A new study from researchers at Northwestern University suggests that their offspring might live longer.
Biologically, that's because the children and grandchildren of fathers in their late 30s to early 50s have longer telomeres, which are tips of chromosomes that may play a part in good health and longevity.
Aging causes telomeres to get shorter. That means that whenever a cell divides, its telomeres shorten until the cell dies off. Children of older fathers have longer telomeres, likely because telomeres in an aging man's sperm get longer, according to lead author Dan Eisenberg, a doctoral candidate in anthropology at Northwestern.
"If your father and grandfather were able to live and reproduce at a later age, this might predict that you yourself live in an environment that is somewhat similar – an environment with less accidental deaths or in which men are only able to find a partner at later ages," Eisenberg said in a news release.
"In such an environment, investing more in a body capable of reaching these late ages could be an adaptive strategy from an evolutionary perspective."
The findings appear in the Proceedings of the National Academy of Sciences of the United States of America .
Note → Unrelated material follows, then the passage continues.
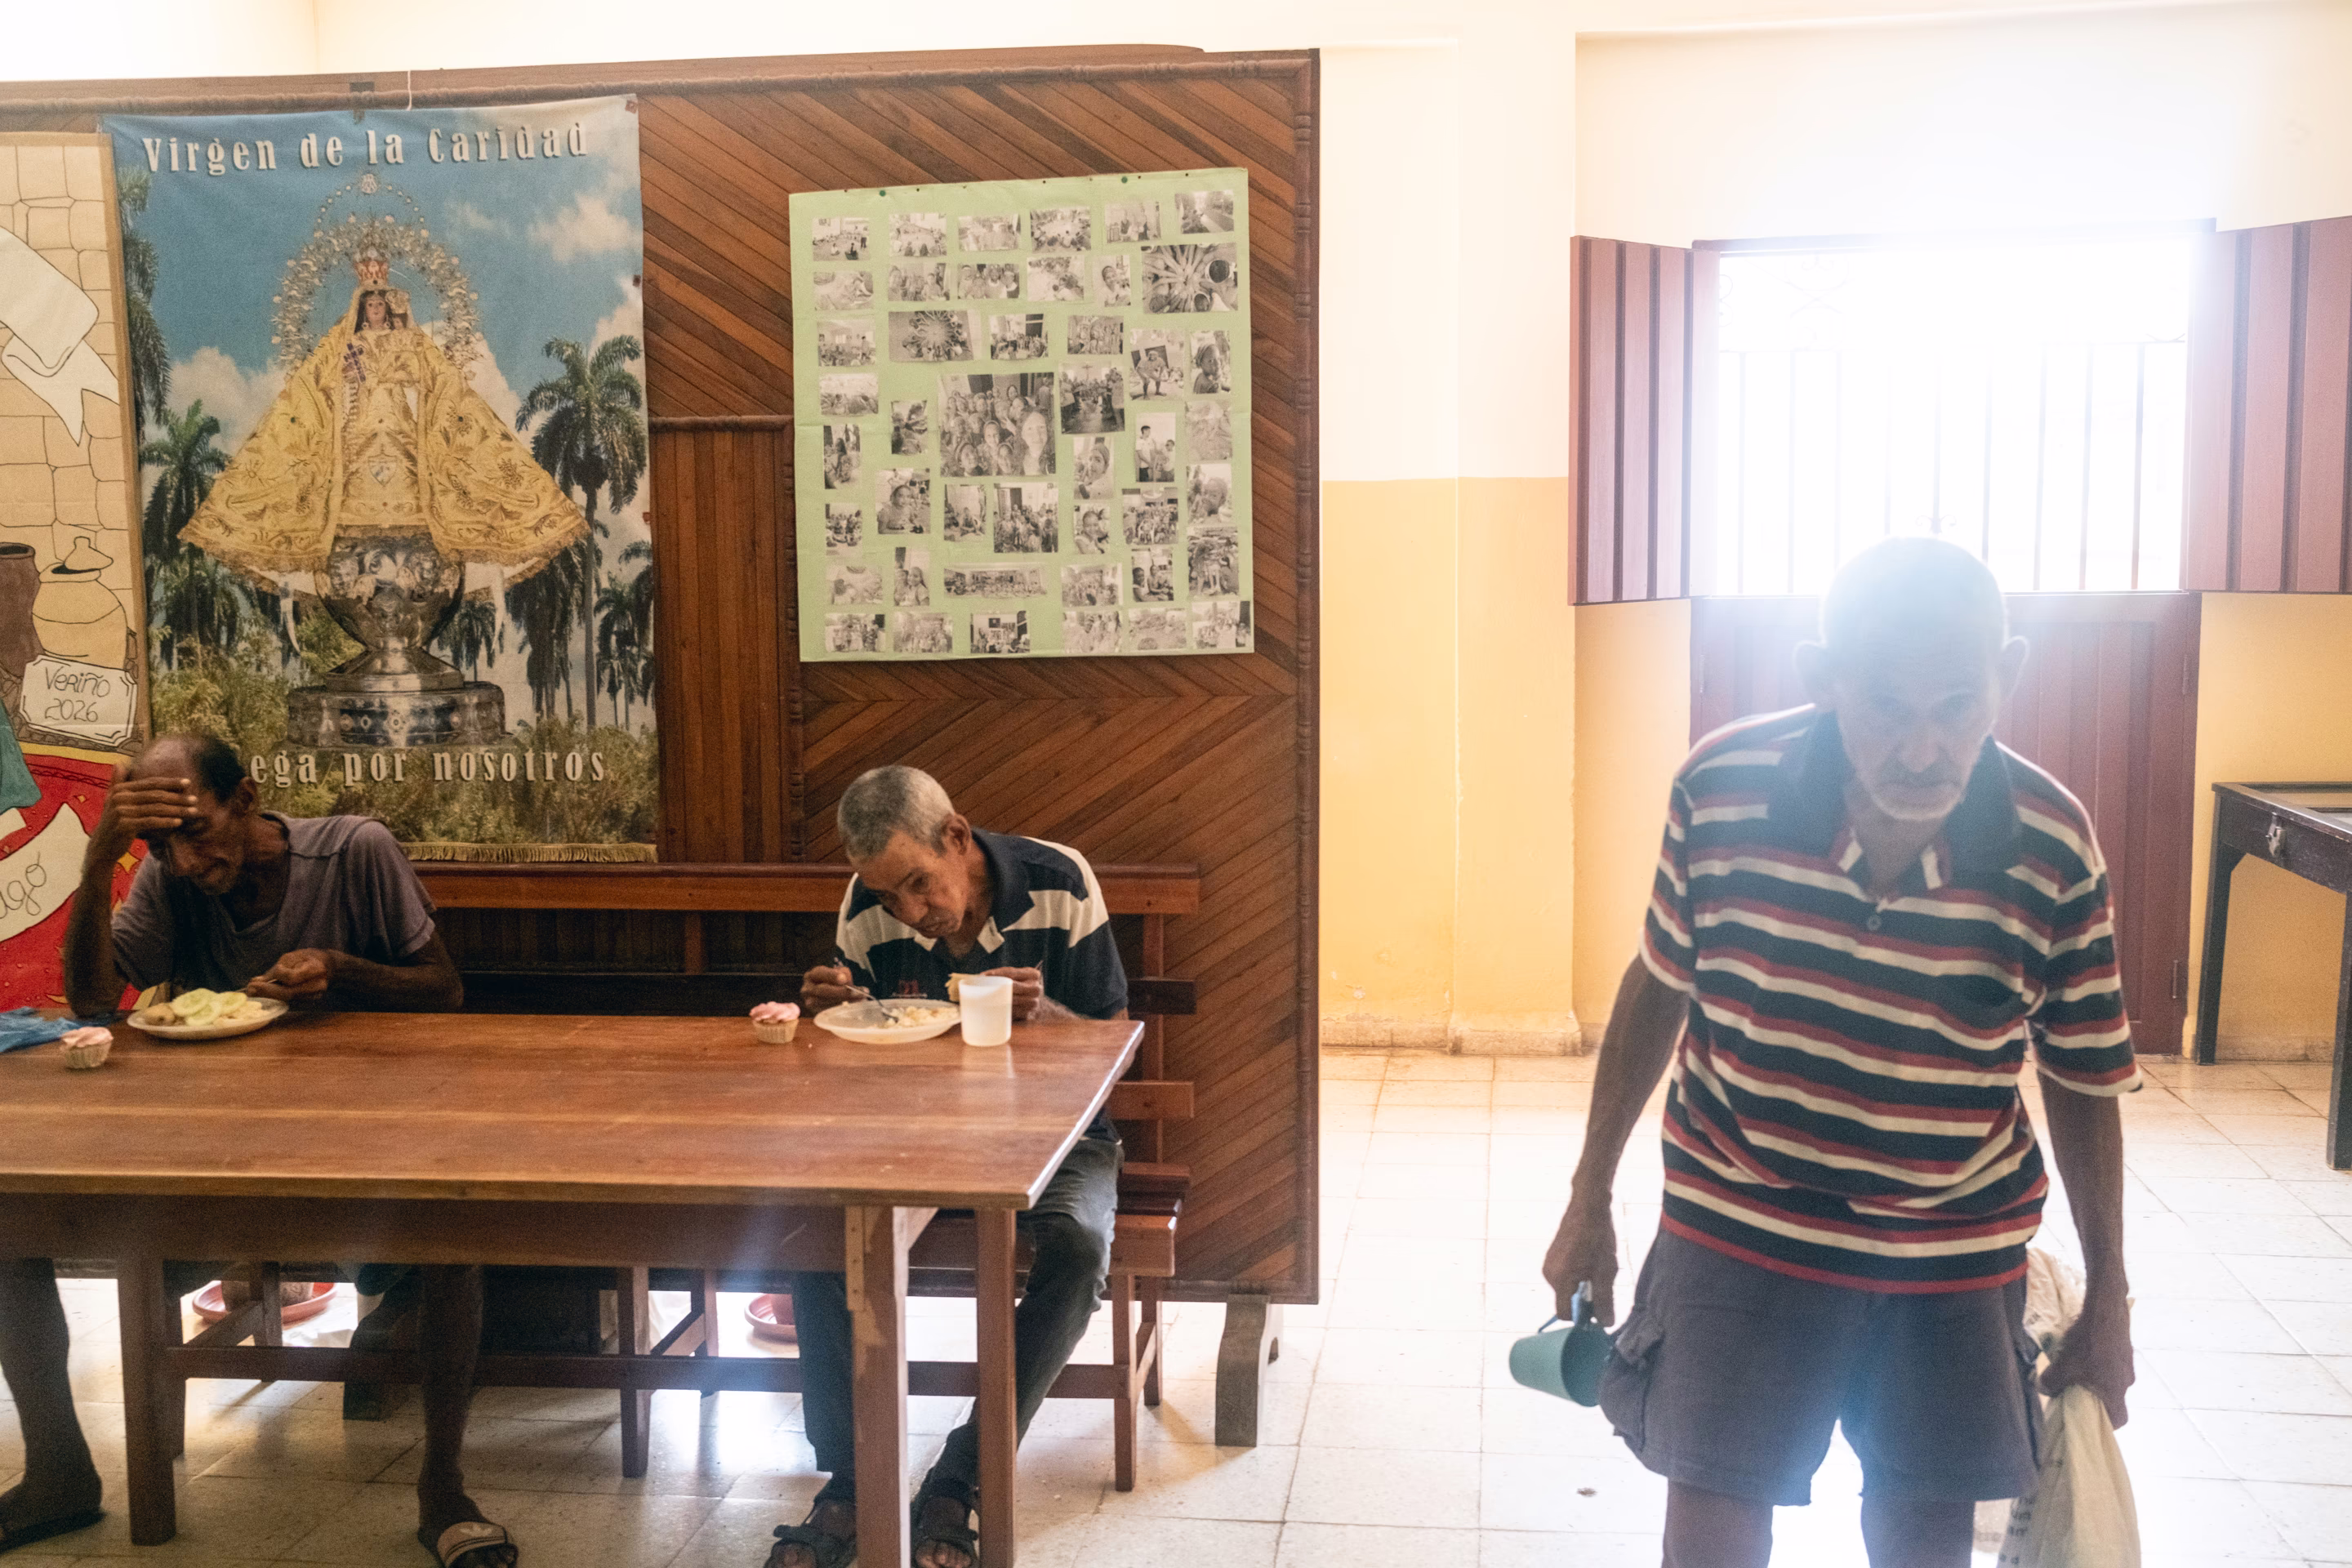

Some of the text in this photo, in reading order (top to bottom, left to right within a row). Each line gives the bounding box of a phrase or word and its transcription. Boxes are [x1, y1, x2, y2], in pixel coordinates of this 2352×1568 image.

[142, 122, 588, 176] Virgen de la Caridad
[44, 697, 99, 723] 2026
[250, 747, 605, 788] ega por nosotros
Researchers analyzed data from the Philippines' Cebu Longitudinal Health and Nutrition Survey, which involved 3,327 women who were pregnant in 1983-84. They then tracked their children.
TIME reported that the team examined telomeres in DNA collected from the mother's and their children's blood. Next they compared children's telomere lengths to the ages of their fathers and grandfathers when each successive generation was born.
The researchers discovered that the older the children's dads were when they were born, the longer their telomeres. The same was true when the researchers examined the older kids' grandfathers.
From one generation to the next, the study found that the lengthening effect was compounded. But they did not find a similar effect from the maternal grandfathers' side.